Pesquisadores da Universidade Hebraica de Jerusalém deram um passo para entender por que alguns gatos desenvolvem manchas escuras no olho. Um estudo publicado recentemente identificou dois compostos químicos, ferro e bromo, presentes exclusivamente no tecido afetado pela condição conhecida como sequestro corneano felino.
A descoberta, por enquanto, foi apenas preliminar. No entanto, pesquisadores apontam que ela abre caminho para o desenvolvimento de terapias direcionadas contra a afeção, que pode comprometer a visão dos felinos.
O que é o sequestro corneano felino?
A condição se manifesta como uma lesão escura sobre a córnea, a “janela” transparente do olho.
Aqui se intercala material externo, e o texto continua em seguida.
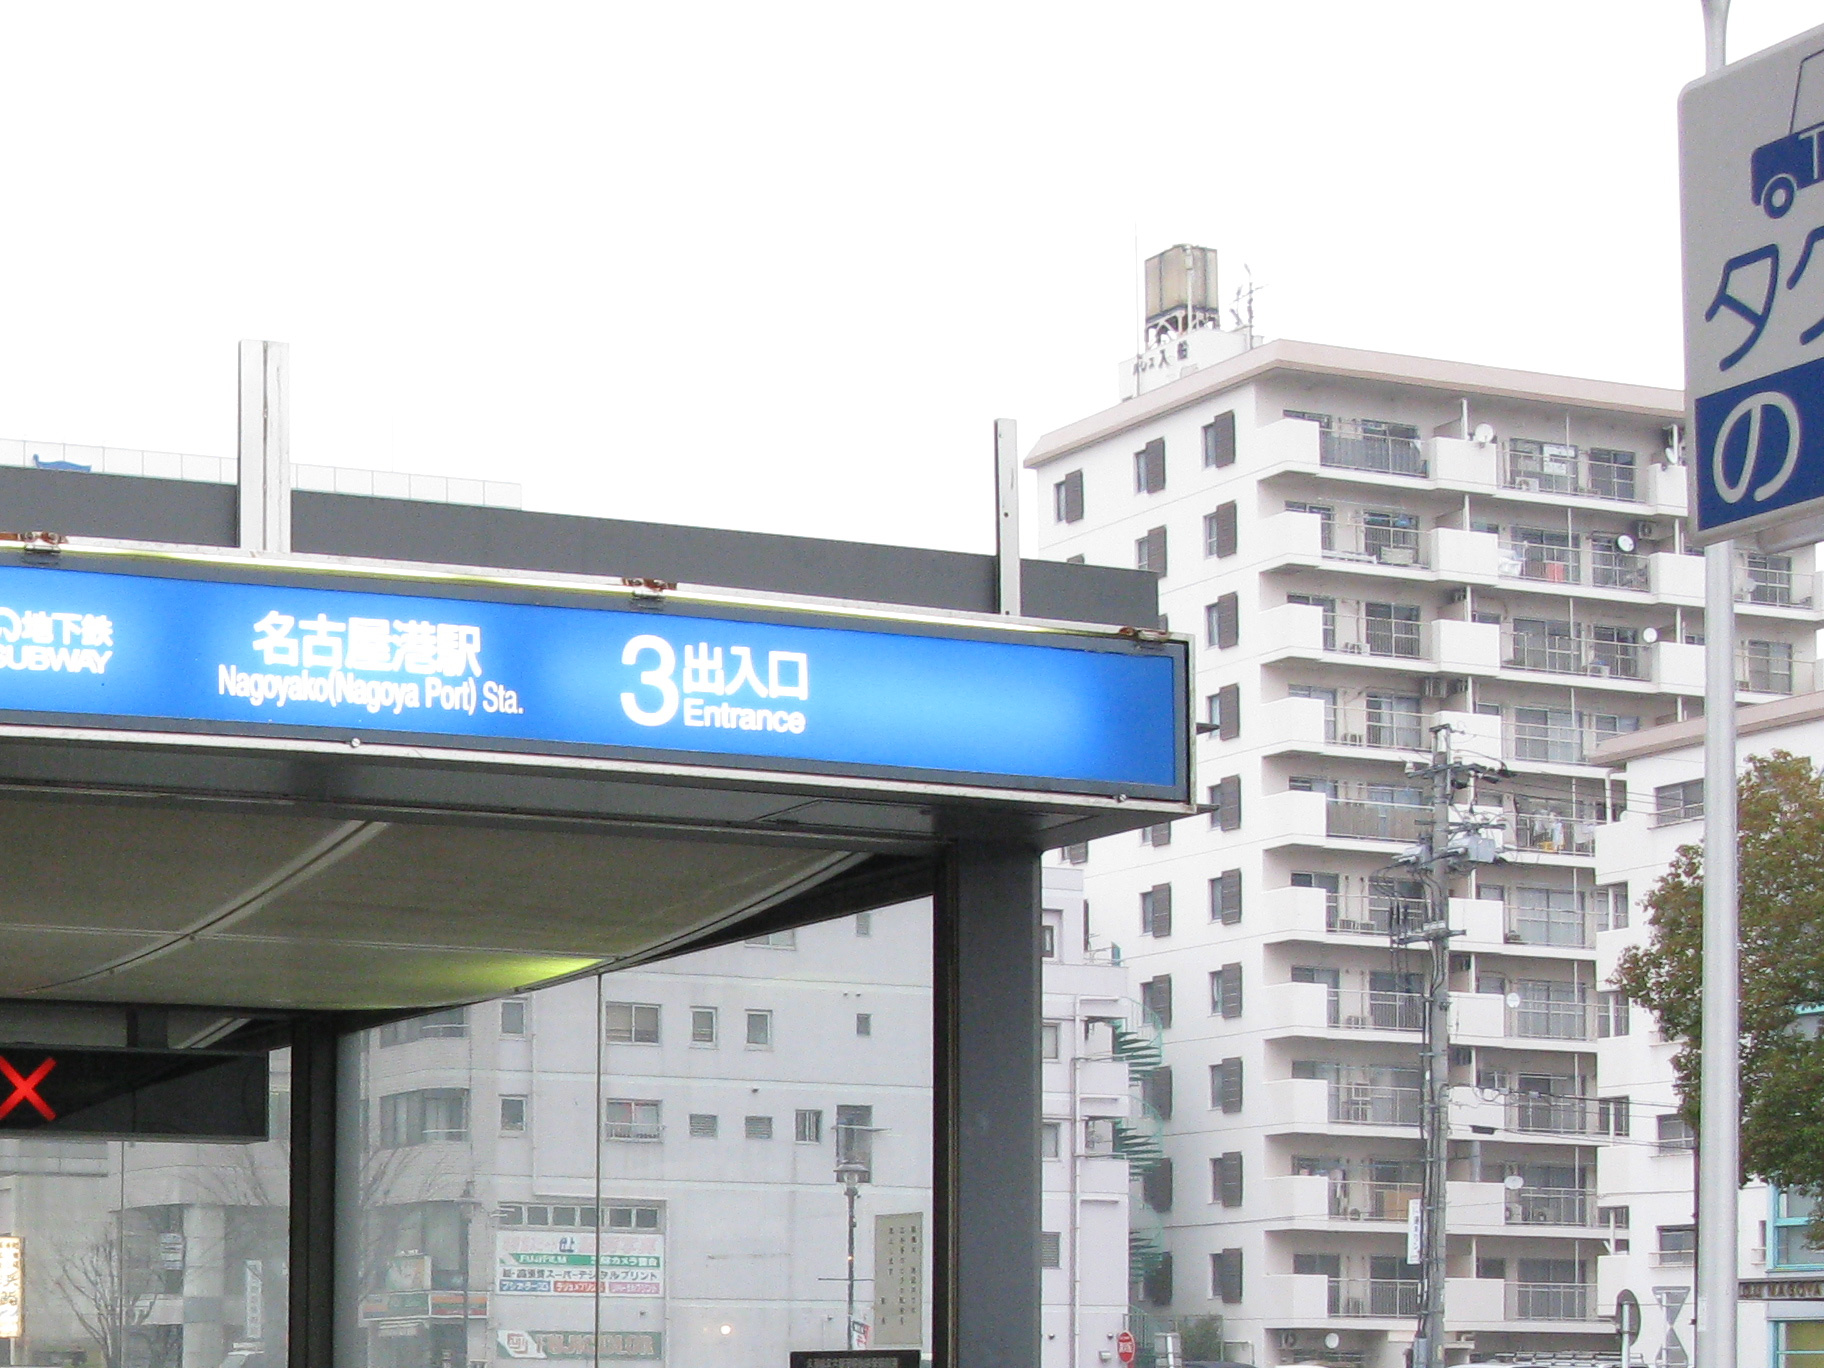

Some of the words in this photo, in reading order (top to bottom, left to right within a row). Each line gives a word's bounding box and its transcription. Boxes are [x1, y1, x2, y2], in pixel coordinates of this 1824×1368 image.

[21, 610, 114, 647] 地下鉄
[252, 609, 483, 678] 名古屋港駅
[424, 676, 478, 716] Port)
[482, 681, 526, 714] Sta.
[620, 633, 680, 728] 3
[682, 641, 809, 701] 出入口
[683, 697, 807, 735] Entrance
A condição envolve necrose do estroma corneal associada à acumulação de pigmento e, em casos avançados, pode levar a úlceras e até à perda do olho.
O estudo analisou tecido de 11 olhos de 9 gatos submetidos à queratectomia (remoção cirúrgica da lesão). Os pesquisadores utilizaram análise elemental para identificar os compostos presentes no tecido.
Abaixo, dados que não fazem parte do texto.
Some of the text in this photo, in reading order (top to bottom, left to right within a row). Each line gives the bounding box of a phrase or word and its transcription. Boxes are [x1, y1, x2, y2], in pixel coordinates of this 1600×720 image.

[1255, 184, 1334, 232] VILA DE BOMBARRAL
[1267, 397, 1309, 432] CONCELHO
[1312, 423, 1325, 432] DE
De acordo com os autores da pesquisa, o ferro encontrado no tecido afetado está associado à ferroptose, um tipo de morte celular mediada por oxidação de lipídios nas membranas. Sua presença exclusiva no tecido afetado sugere que vias oxidativas contribuem para a destruição das células corneais.
Já o bromo possivelmente está ligado a reações inflamatórias desencadeadas por certos glóbulos brancos, indicando um componente inflamatório na formação da lesão.
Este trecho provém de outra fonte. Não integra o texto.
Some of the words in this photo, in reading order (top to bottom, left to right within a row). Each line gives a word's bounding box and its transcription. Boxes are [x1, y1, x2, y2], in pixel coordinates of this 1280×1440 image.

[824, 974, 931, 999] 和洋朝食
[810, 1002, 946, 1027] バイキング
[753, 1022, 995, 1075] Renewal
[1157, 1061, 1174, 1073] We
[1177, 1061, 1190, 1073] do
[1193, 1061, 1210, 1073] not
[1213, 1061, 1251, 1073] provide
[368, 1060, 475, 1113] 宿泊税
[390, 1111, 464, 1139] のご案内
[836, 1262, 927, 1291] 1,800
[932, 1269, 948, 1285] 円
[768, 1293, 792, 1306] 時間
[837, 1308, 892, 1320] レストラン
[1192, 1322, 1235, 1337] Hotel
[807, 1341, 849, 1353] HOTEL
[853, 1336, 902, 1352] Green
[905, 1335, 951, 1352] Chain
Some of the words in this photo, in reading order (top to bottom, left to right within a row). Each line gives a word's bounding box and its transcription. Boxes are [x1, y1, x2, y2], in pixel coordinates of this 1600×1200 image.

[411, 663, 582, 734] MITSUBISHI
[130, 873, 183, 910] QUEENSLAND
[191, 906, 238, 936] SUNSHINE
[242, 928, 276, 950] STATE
Embora qualquer gato possa desenvolver a condição, algumas raças apresentam maior predisposição genética, entre elas siameses, persas, himalaias, sphynx e burmesas. Outros fatores de risco incluem irritações crônicas, traumas, infecções pelo herpesvírus felino, entrópio, triquíase e olho seco.
Tratamento e próximos passos
De acordo com especialistas em medicina veterinária, a medicação tópica pode ser suficiente em casos leves. Quando não há melhora, a cirurgia para remoção da mancha pode se tornar necessária.
Os pesquisadores ressaltam que o estudo não prova de forma definitiva que o ferro ou o bromo seja a causa única da condição. O trabalho oferece, segundo eles, “pistas bioquímicas” sobre os mecanismos subjacentes.
Nesse caso, os pesquisadores afirmam que novos estudos serão necessários para confirmar a relação de causa e efeito e explorar possíveis terapias direcionadas a essas vias.